# Clickers?



## CurlyDog (Aug 20, 2008)

I'm not an expert by any means but I haven't found the need to always use the clicker. I did get a few of them so I can leave them in different places. I think it just enhances training by letting your dog know exactly when he did the right thing, really the same as saying "good boy", just more succinct. I think the hard part is getting the timing right! There've been a few times when I've jumped the gun and clicked too soon. 

With Raleigh, it really seems to get his attention. You could just start with simple things like "sit". I've found it particularly helpful teaching "leave it" because I can click right when he makes the decision and it's hard to get to him with a treat at that point, especially when he's across the room.


----------



## Quossum (Mar 18, 2011)

Oh my goodness, a subject near and dear to my heart! 

Clicker training is wonderful. In its purest form, it is a paradigm shift from "traditional" dog training and takes dog and owner to a place where the human might have to be a little more creative and patient, but in which learning takes place on the dog's part with pure enthusiasm and joy--no collar jerks, no electric shocks, no yelling. It's a better place.

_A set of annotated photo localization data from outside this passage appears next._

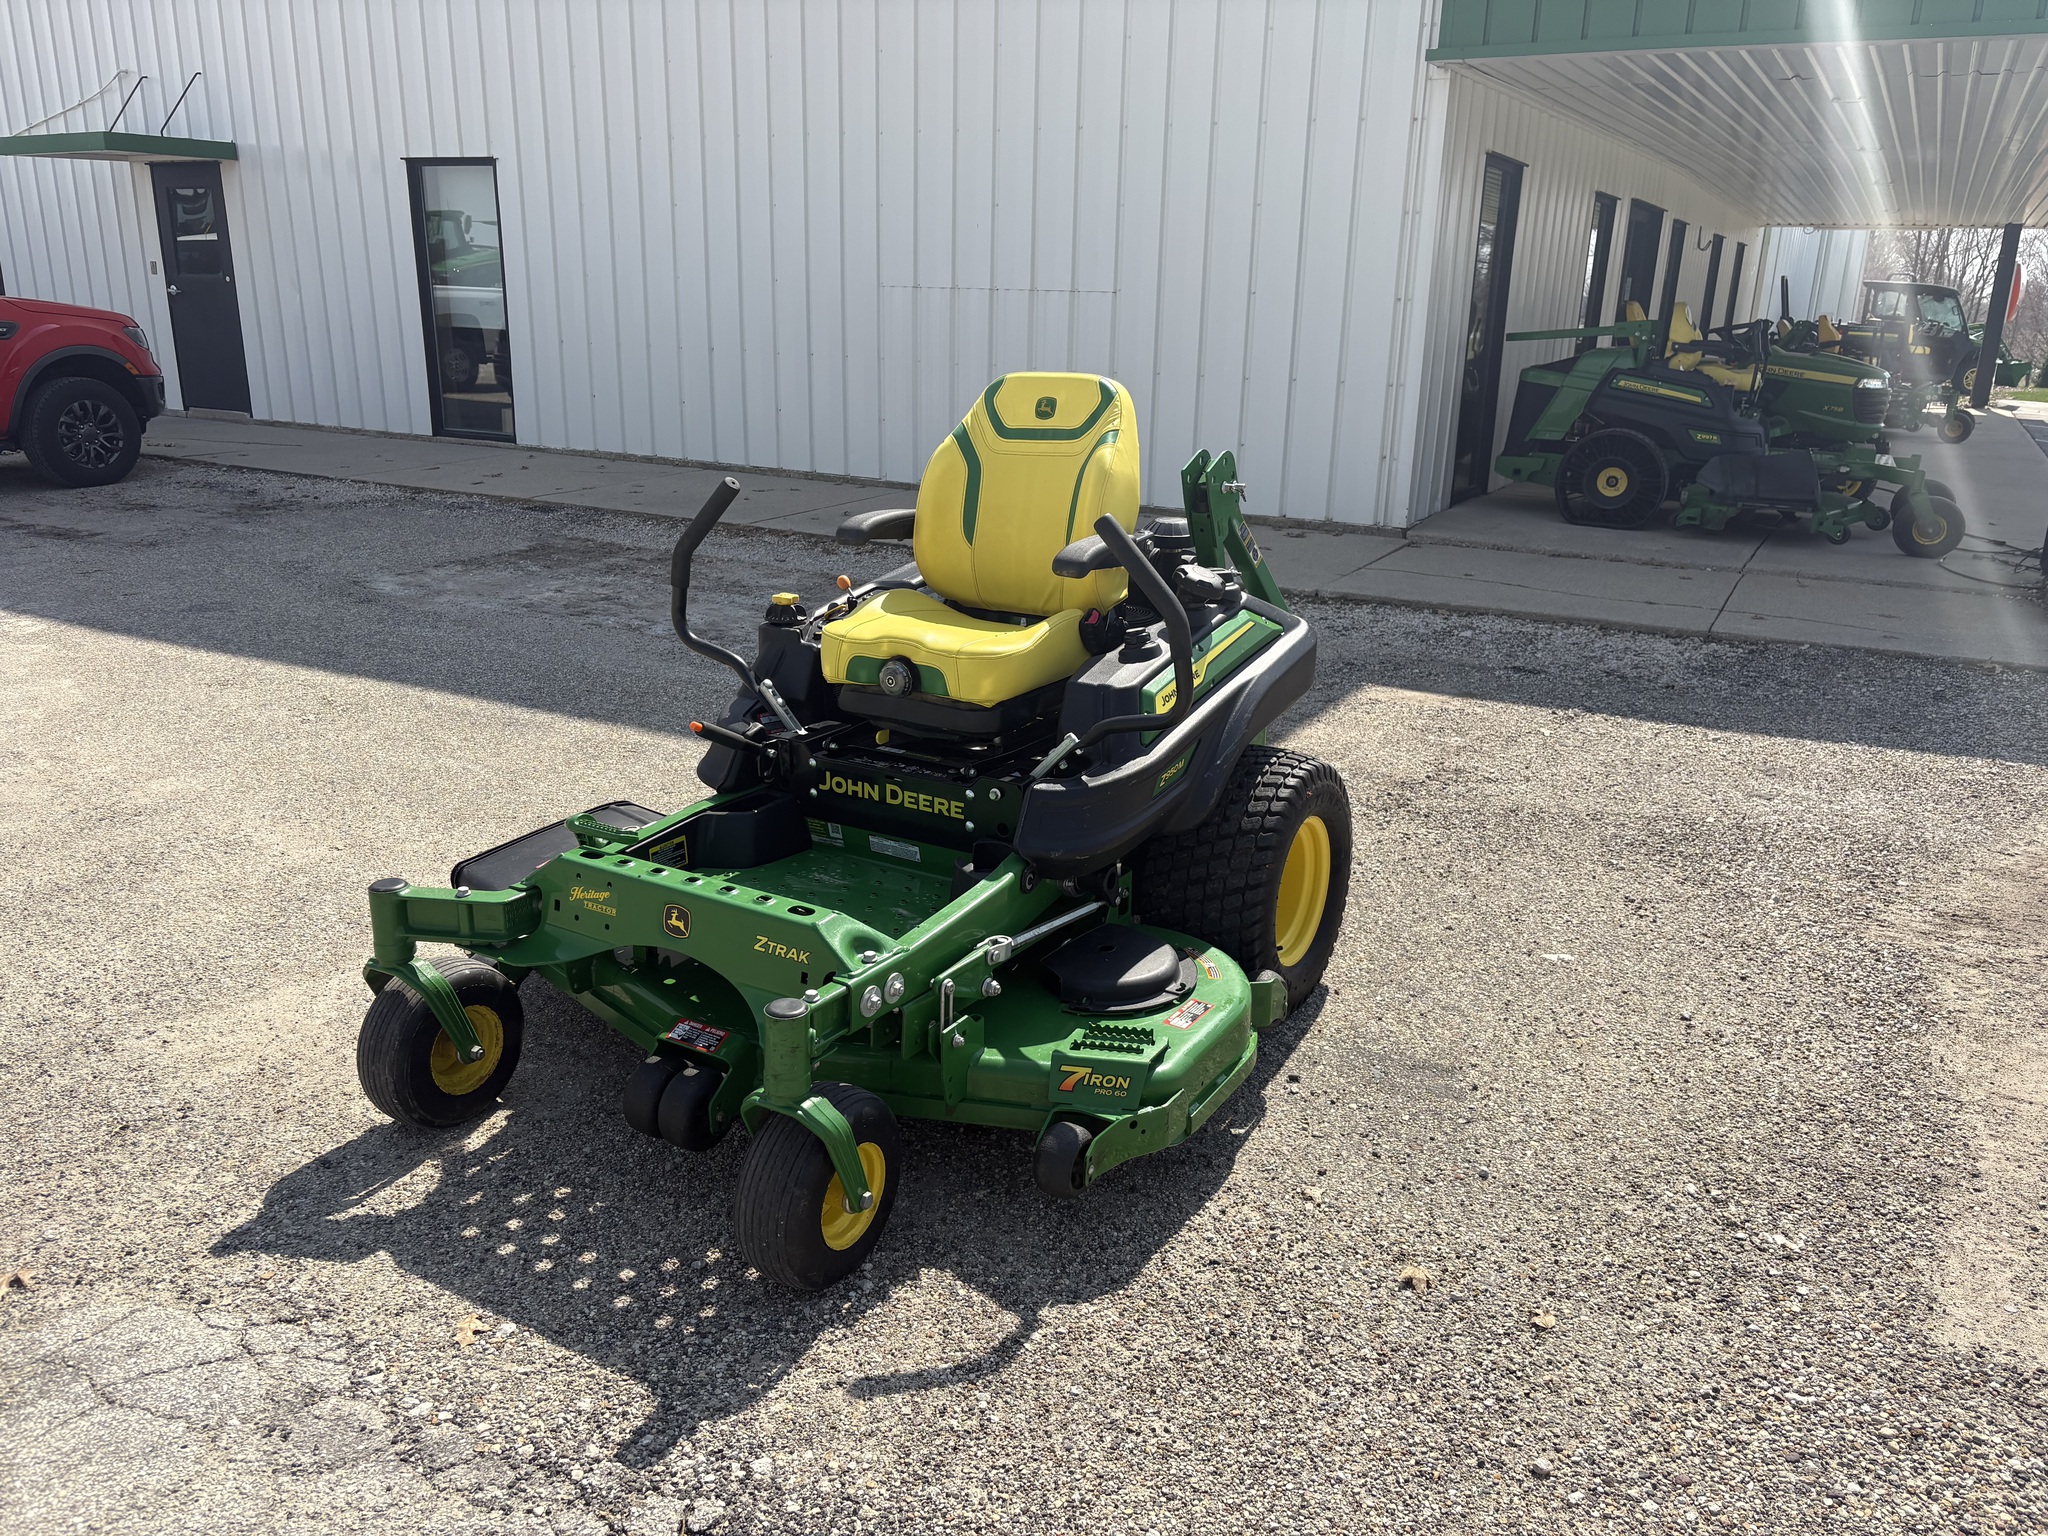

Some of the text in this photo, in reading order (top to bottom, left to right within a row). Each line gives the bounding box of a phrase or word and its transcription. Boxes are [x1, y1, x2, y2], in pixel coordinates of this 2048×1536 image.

[1777, 367, 1805, 378] DEERE
[1624, 382, 1660, 394] JOHN DEERE
[818, 771, 965, 820] JOHN DEERE
[569, 886, 611, 902] Heritage
[584, 901, 617, 915] TRACTOR
[753, 935, 811, 965] ZTRAK
[1094, 1088, 1113, 1096] PRO

Required reading is the seminal work on reinforcement, _Don't Shoot the Dog_ by Karen Pryor. This book will start the shift in your head. It isn't about dog training per se but about the principles behind clicker training. To complete the paradigm shift in your head and keep you from going back to using aversives, Jean Donaldson's _The Culture Clash_ is another must-read.

There are many, many books about using clicker training: _Click for Joy, Quick Clicks, Click 'n Connect,_ to mention only a few. There are clicker training books about specific disciplines, like _Click & Play Agility_ and _Clicker Training for Obedience._ Videos--my goodness, just google "Clicker training videos" and see what you get! In fact, Karen Pryor's more recent book, _Reaching the Animal Mind,_ is "illustrated" with multiple videos. Susan Garrett is a fine animal trainer using totally positive methods, and she has videos on her site, as well as a "Puppy Peaks" program (you have to pay for) that takes you through the entire first part of your pup's life (she focuses on Agility training, but has a ton of good info for creating livable dogs in general, too).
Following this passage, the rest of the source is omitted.